Brief Information about the Case;
This case I am going to discuss with you, is related to the patent issues among
the parties.
Where the Plaintiff was Mr. Dhanpat Seth from Himachal Pradesh and the Defendant
was a Company Registered under Companies Act, 2013 named M/S Nil Kamal Plastic
Crates Limited.
The Plaintiff (Mr. Dhanpat Seth) filed a case in the Court for restraining the
defendant from using the Registered Patent .
So let's discuss about the subject matter in the case and from which state does
this case belong to;
Plaintiff - Mr. Dhanpat Seth (H.P.)
The case belongs to the State of Himachal Pradesh, and the case was filed by a
Family for their registered patent under Patent Act, 1970,
(Mr. Dhanpat Seth)
So, In this case Mr .Dhanpat of District Shimla, Himachal Pradesh, filed a case
on the basis that defendant is using the patent without his permission and
Exporting the registered patent under his name to all over the country.
KILTA (The Subject Matter)
In the mid-hills of Himachal one of the most common sights is a KILTA or conical
basket carried on back.
Kiltas are used to carry so many things, from grass to grains, from cow-dung to
fuel wood, water pitchers to apples.
KILTA (BASKET)
So KILTA was the registered patent in this case and also the subject matter of
the case.
Kiltas are indeed multi-purpose containers.
Kilta baskets are a part of the daily lives of the people of Himachal Pradesh.
These are used since ancient times. These baskets are being approximately three
feet in height and can be made in a day or two.
So now, let's move to this case of patents and understands the happenings:-
Let's start;
Respondent - M/S Nil Kamal Plastic Crates Ltd (MH)
A Brief Introduction of the Respondent
Nil Kamal is a leading manufacturer and exporter of industrial crates, material
handling crates, multipurpose crates and plastic crates in Mumbai, (Maharashtra).
Multi-purpose industrial plastic crates made from food grade HDPE material and
also comes with built-in handles.
Nil Kamal Limited is a plastic products manufacturer based in Mumbai, India. It
is the world's largest manufacturer of moulded furniture and Asia's largest
processor of plastic moulded products.
Let's Begin With The Case Now......................

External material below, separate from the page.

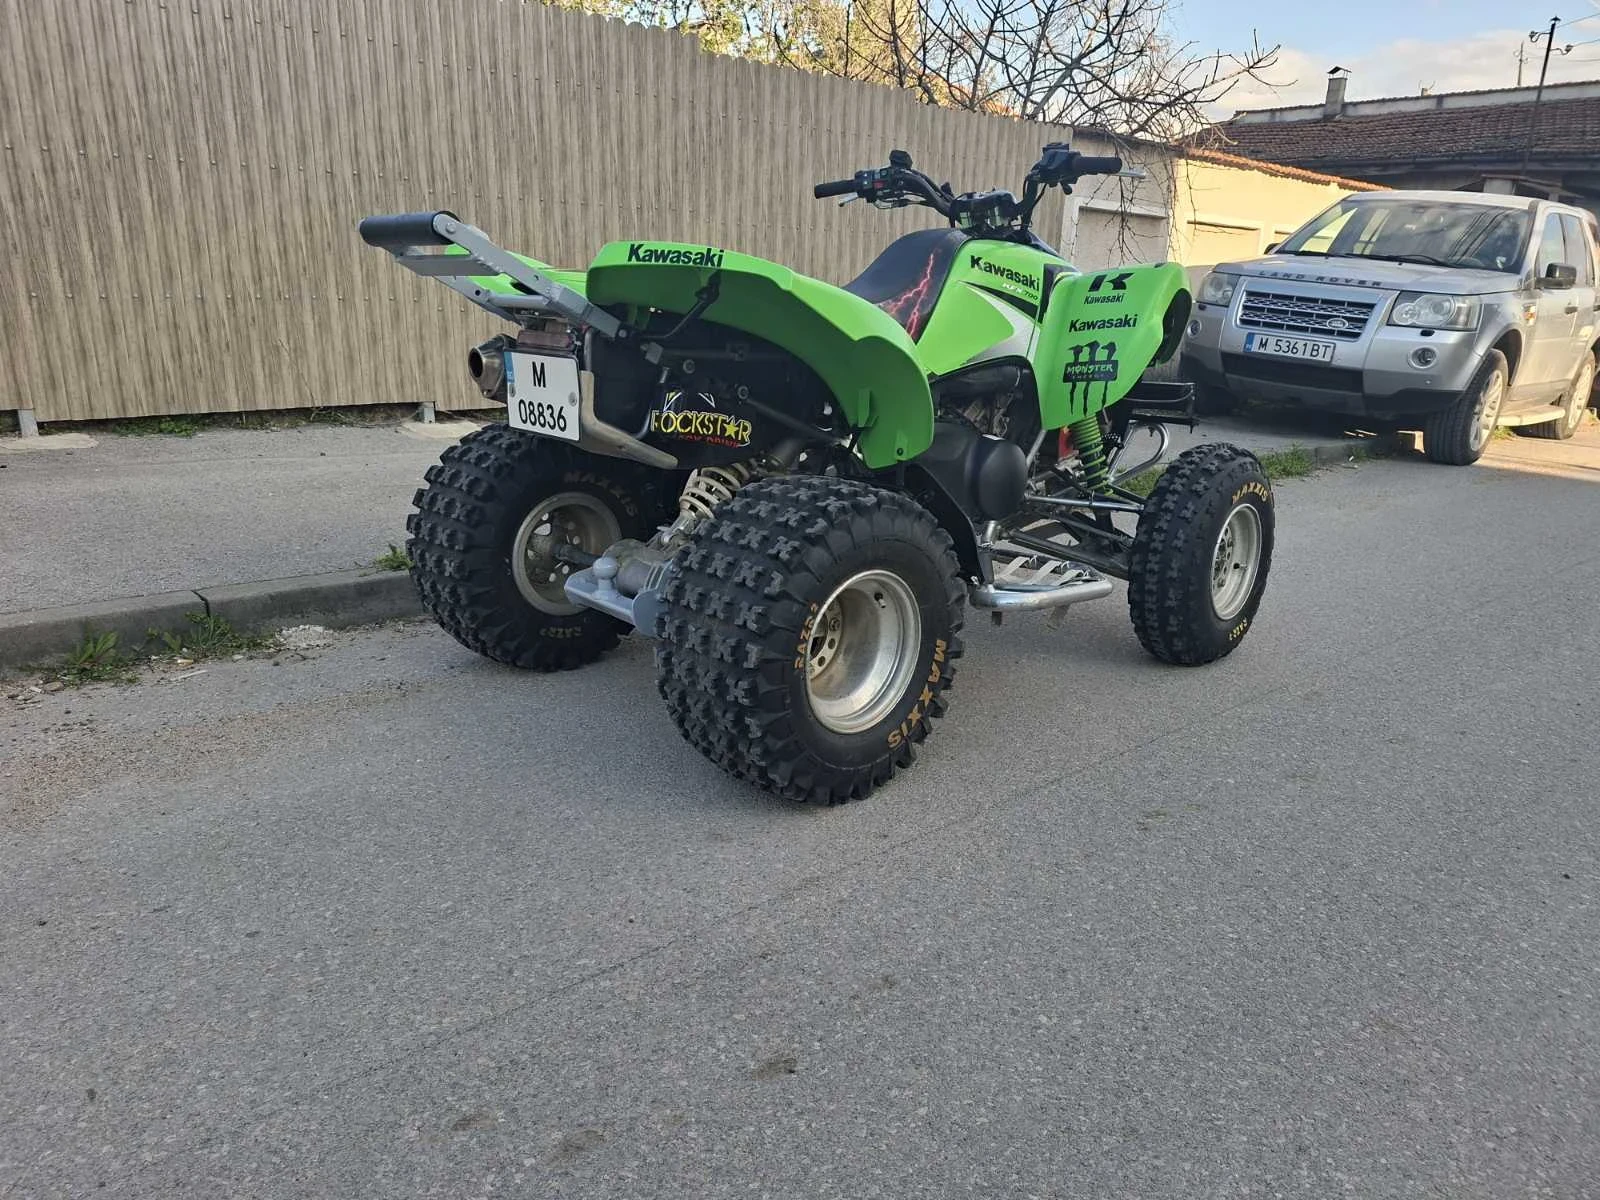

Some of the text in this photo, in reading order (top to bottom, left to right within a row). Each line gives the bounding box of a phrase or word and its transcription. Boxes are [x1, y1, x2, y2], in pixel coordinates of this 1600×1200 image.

So firstly let's discuss about brief introduction about the case that what was
the reason and issues, Remedies etc. For which this case was filed in the court of law.
Introduction To The Case
So three years ago, in 2018 the Himachal Pradesh High Court, Shimla gave a very
landmark Judgement with respect to patent revocation The High court revoked a
patent granted to Plaintiff for agricultural use on the basis of lack of some
Conditions for a patent.
So now let's discuss about the main facts of the facts:
What Were The Facts Of The Case:
Let's know:
In Himachal Pradesh, the Use of Kilta is continuing since a long time for
bringing agricultural things like Apples, Grass, Woods etc. In the districts of
Shimla, Kullu, Kinnaur, Lahoul - Spiti etc. So the plaintiff appealed that the
invention of Kilta is done by him only.
So now let's know what happened next to this:
- So firstly, The plaintiff named Mr. Dhanpat Seth filed a suit seeking grant of permanent prohibitory injunction restraining the defendant from infringing Patent No. 195917 granted in favor of the plaintiffs on 11-7-2005. The patent has been granted in respect of a device used for manufacture of manually hauling or simply we can say for bringing the agricultural produce.
- According to the plaintiffs, the invention was visualized by them in 1999. They developed it over a period of time and applied for grant of patent on 24-5-2000. The patent was granted in their favor on 11-7-2005.
- The invention of the plaintiffs as set out by them in the plaint is as follows: A device for bringing agriculture produce comprising a container of synthetic polymeric.
- Next to this, The Material defined by a hollow frusta-conical body open at the top and closed at the base and tapering from the operative open top to the base with perforated walls.
- The respondent-defendant, hereinafter referred to as the defendant, in fact, sold this device to the Department of Horticulture, Govt. of H.P. and other private parties.
- The plaintiffs consequently filed a suit praying for a decree for grant of permanent prohibitory injunction in their favor restraining the defendant from infringing the Patent No. 195917 and also for a decree of mandatory injunction virtually in the same terms.
- The plaintiffs along with the suit filed an application for grant of interim relief seeking temporary injunction restraining the defendant from manufacturing or selling its version of the Kilta or committing any acts which may infringe in the patent granted to the plaintiffs.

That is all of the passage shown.